> _Assigned task_
Determine how many lines below contain the word "left", then write that number by itself.
===== Records shown =====
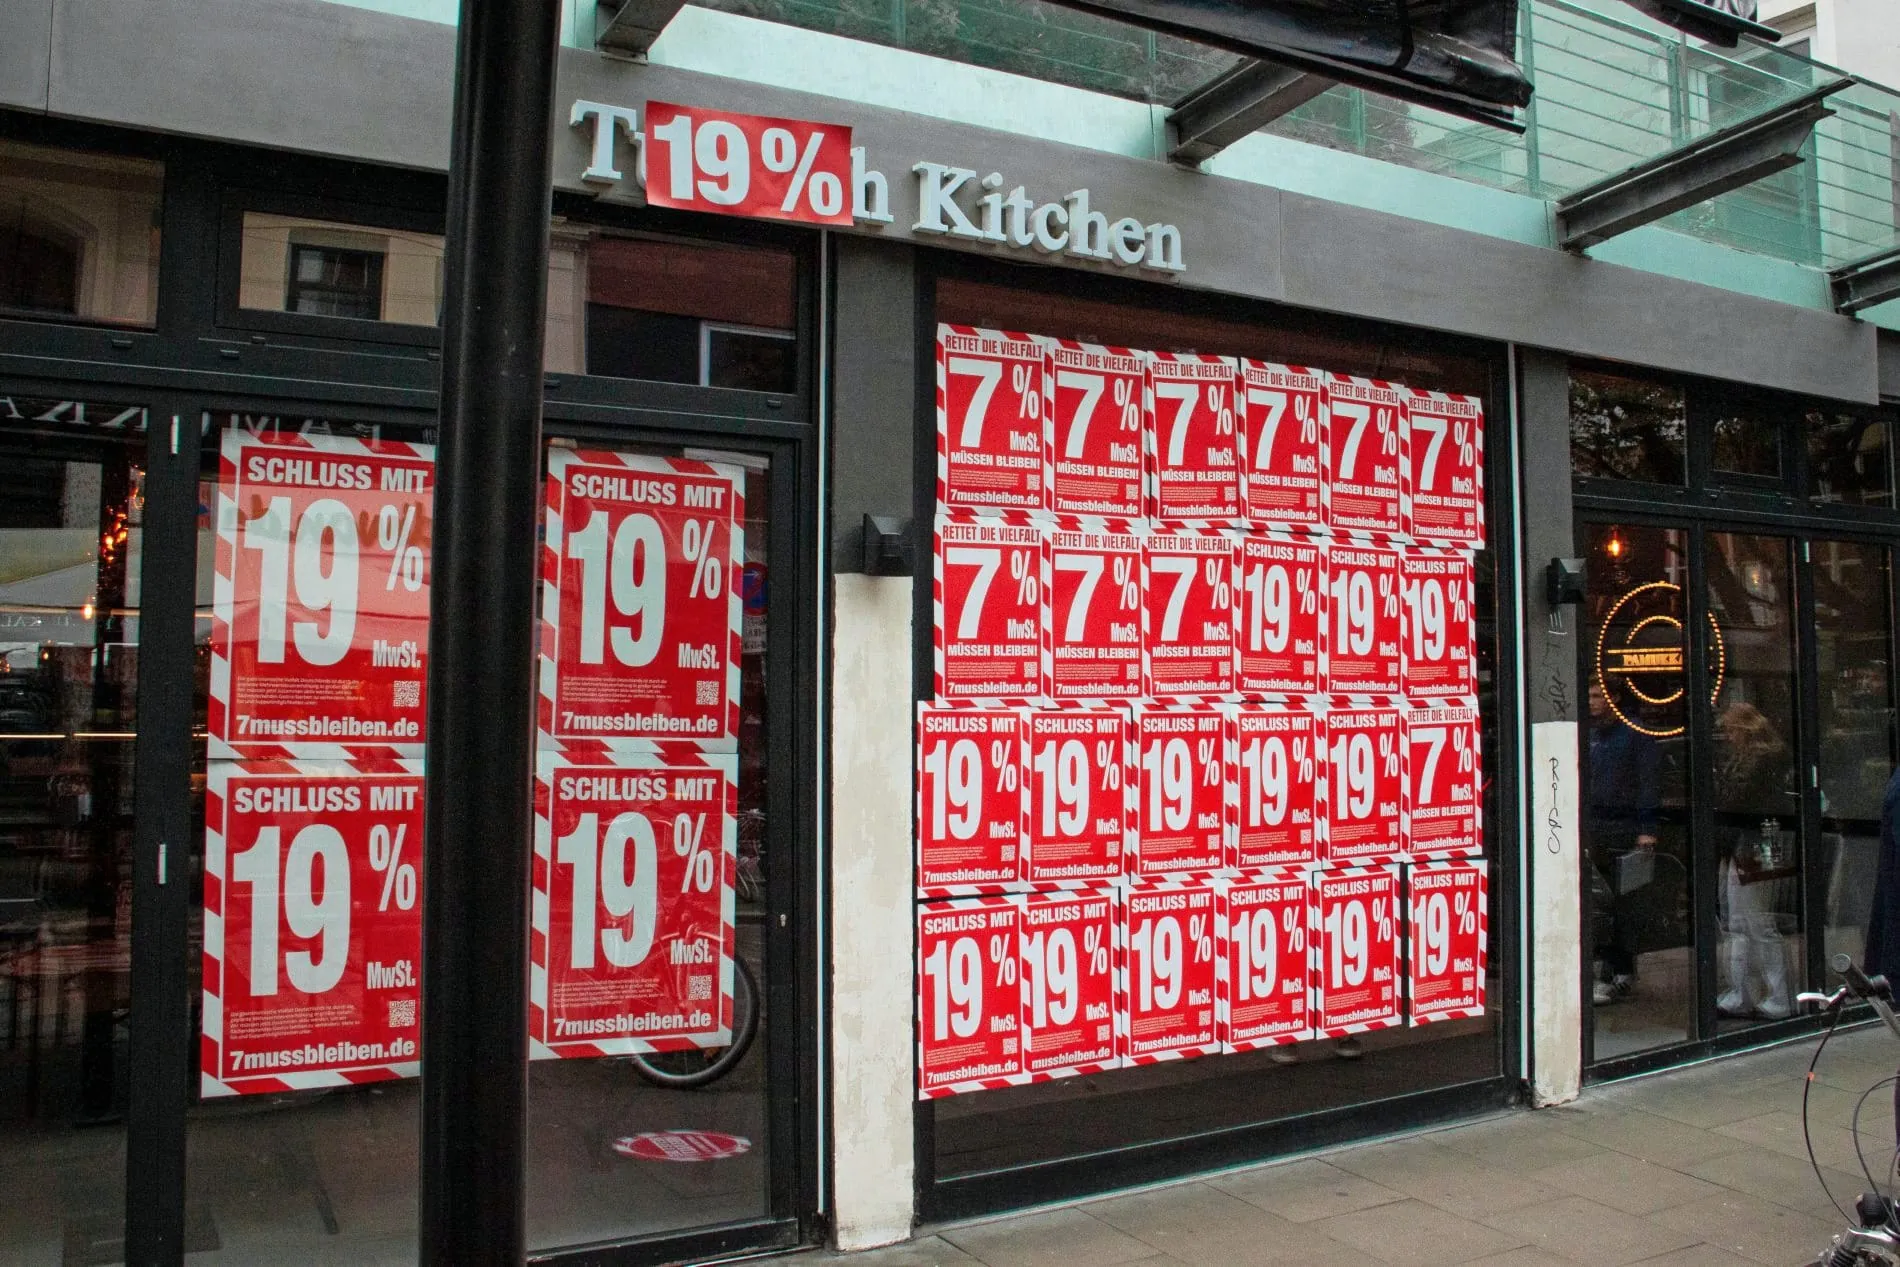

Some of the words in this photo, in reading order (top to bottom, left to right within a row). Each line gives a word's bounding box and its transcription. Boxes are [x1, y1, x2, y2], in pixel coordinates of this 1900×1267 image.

[912, 160, 1187, 273] Kitchen
[946, 335, 978, 351] RETTET
[982, 340, 997, 353] DIE
[1001, 342, 1042, 358] VIELFALT
[1053, 350, 1083, 366] RETTET
[1086, 354, 1100, 368] DIE
[1103, 356, 1142, 372] VIELFALT
[1151, 363, 1178, 377] RETTET
[1181, 364, 1193, 376] DIE
[1196, 365, 1232, 378] VIELFALT
[1010, 431, 1040, 452] MwSt.
[951, 450, 993, 465] MÜSSEN
[996, 456, 1040, 468] BLEIBEN!
[1111, 443, 1138, 463] MwSt.
[248, 456, 371, 491] SCHLUSS
[380, 468, 428, 494] MIT
[1057, 461, 1094, 476] MÜSSEN
[1098, 466, 1138, 479] BLEIBEN!
[1162, 469, 1194, 481] MÜSSEN
[1198, 472, 1235, 481] BLEIBEN!
[572, 474, 676, 505] SCHLUSS
[684, 485, 725, 508] MIT
[951, 489, 1040, 505] 7mussbleiben.de
[1057, 498, 1138, 514] 7mussbleiben.de
[1163, 505, 1237, 515] 7mussbleiben.de
[1250, 506, 1317, 520] 7mussbleiben.de
[1333, 514, 1397, 529] 7mussbleiben.de
[943, 525, 976, 540] RETTET
[981, 527, 995, 540] DIE
[999, 528, 1040, 542] VIELFALT
[1414, 525, 1474, 538] 7mussbleiben.de
[1052, 533, 1082, 547] RETTET
[1086, 534, 1098, 548] DIE
[1102, 536, 1140, 550] VIELFALT
[1147, 536, 1176, 550] RETTET
[1180, 538, 1192, 550] DIE
[1196, 538, 1231, 551] VIELFALT
[1247, 543, 1294, 560] SCHLUSS
[1297, 549, 1316, 562] MIT
[1332, 550, 1376, 566] SCHLUSS
[1379, 555, 1396, 568] MIT
[1404, 560, 1445, 573] SCHLUSS
[1448, 562, 1464, 573] MIT
[1008, 619, 1037, 639] MwSt.
[1111, 623, 1138, 642] MwSt.
[372, 639, 420, 668] MwSt.
[678, 643, 719, 669] MwSt.
[948, 642, 990, 656] MÜSSEN
[994, 645, 1037, 656] BLEIBEN!
[1056, 645, 1095, 658] MÜSSEN
[1098, 648, 1138, 658] BLEIBEN!
[1153, 644, 1189, 657] MÜSSEN
[1192, 646, 1230, 656] BLEIBEN!
[948, 682, 1037, 694] 7mussbleiben.de
[1056, 683, 1138, 694] 7mussbleiben.de
[1154, 680, 1230, 692] 7mussbleiben.de
[1243, 678, 1314, 690] 7mussbleiben.de
[1331, 680, 1398, 691] 7mussbleiben.de
[1409, 684, 1468, 695] 7mussbleiben.de
[236, 715, 418, 736] 7mussbleiben.de
[562, 712, 717, 732] 7mussbleiben.de
[926, 717, 987, 732] SCHLUSS
[992, 718, 1016, 732] MIT
[1035, 718, 1093, 733] SCHLUSS
[1097, 719, 1119, 732] MIT
[1144, 718, 1195, 732] SCHLUSS
[1199, 718, 1220, 731] MIT
[1242, 718, 1289, 731] SCHLUSS
[1292, 717, 1311, 730] MIT
[1330, 714, 1376, 728] SCHLUSS
[1379, 714, 1396, 726] MIT
[560, 777, 667, 800] SCHLUSS
[674, 778, 716, 800] MIT
[235, 787, 360, 812] SCHLUSS
[370, 786, 418, 810] MIT
[990, 822, 1016, 838] MwSt.
[1097, 818, 1120, 834] MwSt.
[1332, 841, 1398, 856] 7mussbleiben.de
[1412, 836, 1473, 850] 7mussbleiben.de
[1142, 856, 1220, 870] 7mussbleiben.de
[1242, 849, 1311, 864] 7mussbleiben.de
[924, 868, 1014, 882] 7mussbleiben.de
[1034, 863, 1118, 877] 7mussbleiben.de
[1324, 880, 1369, 898] SCHLUSS
[1372, 878, 1390, 891] MIT
[1414, 874, 1452, 890] SCHLUSS
[1455, 873, 1475, 885] MIT
[1132, 895, 1186, 912] SCHLUSS
[1190, 893, 1210, 908] MIT
[1231, 888, 1280, 905] SCHLUSS
[1284, 886, 1303, 900] MIT
[1084, 903, 1106, 918] MIT
[925, 914, 986, 934] SCHLUSS
[991, 911, 1014, 927] MIT
[671, 938, 712, 964] MwSt.
[368, 960, 416, 989] MwSt.
[1086, 1003, 1109, 1020] MwSt.
[1416, 996, 1474, 1012] 7mussbleiben.de
[554, 1010, 711, 1036] 7mussbleiben.de
[991, 1014, 1016, 1032] MwSt.
[1326, 1005, 1392, 1025] 7mussbleiben.de
[1233, 1019, 1303, 1039] 7mussbleiben.de
[1133, 1031, 1210, 1052] 7mussbleiben.de
[230, 1038, 415, 1070] 7mussbleiben.de
[1032, 1046, 1110, 1070] mussbleiben.de
[927, 1060, 1018, 1084] 7mussbleiben.de
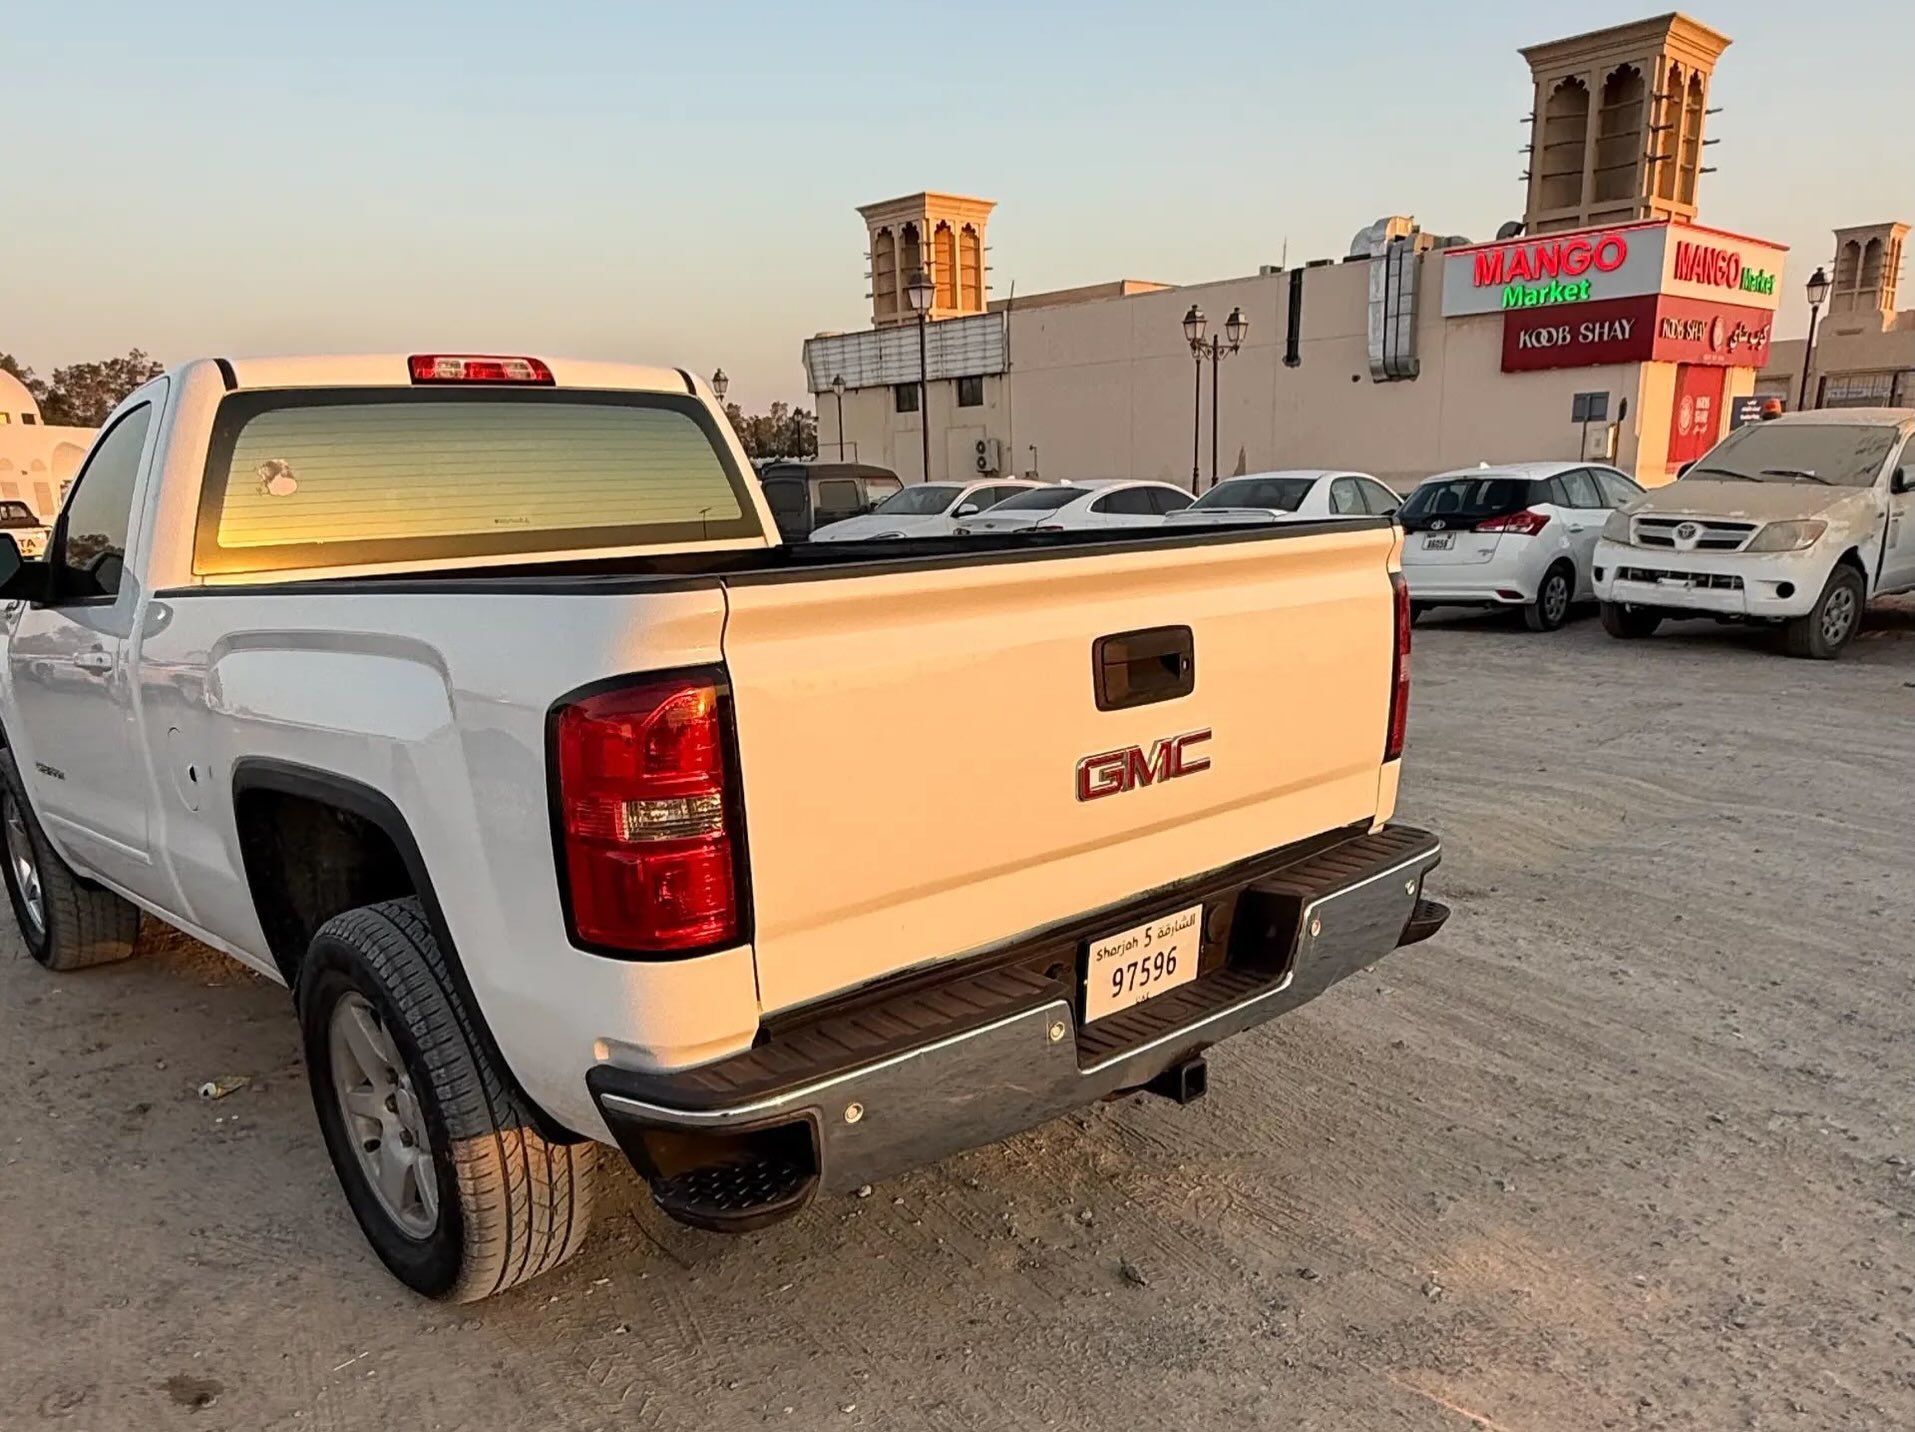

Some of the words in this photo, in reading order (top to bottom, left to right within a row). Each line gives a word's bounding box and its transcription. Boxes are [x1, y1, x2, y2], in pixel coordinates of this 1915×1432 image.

[1473, 233, 1627, 288] MANGO
[1674, 240, 1740, 289] MANGO
[1740, 266, 1776, 296] Market
[1503, 279, 1591, 309] Market
[1518, 325, 1571, 349] KOOB
[1578, 318, 1635, 343] SHAY
[1685, 319, 1707, 342] SHAY
[1076, 727, 1212, 802] GMC
[1096, 936, 1139, 961] Sharjah
[1144, 926, 1153, 948] 5
[1157, 913, 1196, 939] الشارقة
[1112, 946, 1177, 998] 97596
=====
> _Answer space_
2